Элизабет Финч (Барнс) - страница 104

Счастливо,

Джефф

P. S. По прошествии стольких лет я, хотелось бы верить, тебя не обижу, если скажу, что ты не просто на ней слегка помешался, но и превратил ее в миф. Это, вообще говоря, не страшно. Всем нам нужны свои маленькие мифы, чтобы держаться на плаву, правда ведь?

Как же меня взбесило слово «маленькие» – плюс еще идиотское обращение «дружище». Вот кусок дерьма, подумал я. К тому же он, считай, признался, что сам слил таблоиду историю про Э. Ф. и Гитлера.

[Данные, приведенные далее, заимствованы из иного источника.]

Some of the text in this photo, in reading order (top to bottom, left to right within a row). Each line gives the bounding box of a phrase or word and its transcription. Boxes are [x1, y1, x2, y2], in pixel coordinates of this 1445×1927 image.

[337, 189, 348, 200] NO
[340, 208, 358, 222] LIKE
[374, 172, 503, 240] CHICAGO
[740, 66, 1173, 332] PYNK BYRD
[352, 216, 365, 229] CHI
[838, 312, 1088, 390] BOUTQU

Спасибо, хоть не позвал меня вместе выпить и «вспомнить старые времена».


Я невольно признал, что Анна даже столько лет спустя читает меня как открытую книгу. Взять хотя бы ее своевременные примирительные слова о монологе. Помню, как высказывалась на эту тему Э. Ф.: «Не отрицаю, что монолог может оказаться блестящим сценическим приемом. Я всего лишь указываю на его крайнюю искусственность, которая, собственно, и придает ему блеск». За всю свою скромную актерскую карьеру я никогда об этом не задумывался.

До меня дошло, что, помимо наследства по завещанию, Э. Ф. оставила мне еще кое-что: слова и фразы, идеи, которые я не всегда мог понять, а тем более принять, но которые будут преследовать меня на протяжении многих лет.

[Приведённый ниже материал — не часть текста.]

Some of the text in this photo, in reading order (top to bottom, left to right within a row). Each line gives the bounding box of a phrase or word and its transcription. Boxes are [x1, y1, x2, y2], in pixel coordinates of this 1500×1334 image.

Еще одно соображение по поводу моей встречи с Анной. Кое-что из сказанного ею подтолкнуло меня к мысли: не скрывался ли за обращенной к миру маской спокойствия и сдержанности Э. Ф. омут (или, точнее, ревущий поток) ярости. Нет, вряд ли. Но потом я вдруг вспомнил, до какой степени удивился, когда одна из моих бывших жен обратилась к гомеопату с вопросом, существует ли средство от ее нынешнего состояния, которое можно описать как «все достало».


Недавний биограф Юлиана пришел к выводу, что все грандиозные замыслы императора окончились неудачей и даже его явные победы – в административной, военной, религиозной сфере – были кратковременны, если не сказать иллюзорны. «Более того, единственной реальной победой „могучего воина“ была реформа налоговой системы». Это напомнило мне, как Э. Ф. предположила, что неудача зачастую представляет больше интереса, чем успех, а стало быть, неудачники могут поведать нам больше, чем победители. Еще она говорила, что мы не можем сказать, даже на смертном одре – особенно на смертном одре, – как о нас будут судить в будущем и будут ли помнить вообще. Мы можем оставить след на песке, который тут же сдует ветром. А можем оставить след в пыли, и его отпечаток сохранится на века, просто потому, что нам случилось жить в Помпеях. Думая о Линде (несмотря на откровение Анны десятилетия спустя), я утверждаюсь в мысли, что всегда буду связывать ее облик с влажным отпечатком ладони на столе в студенческом баре. Я в одиночку осушил сначала свой бокал, потом заказанный для Линды, а когда поднялся из-за стола, отпечатка ладони уже не было – он сохранился только в моей упрямой памяти.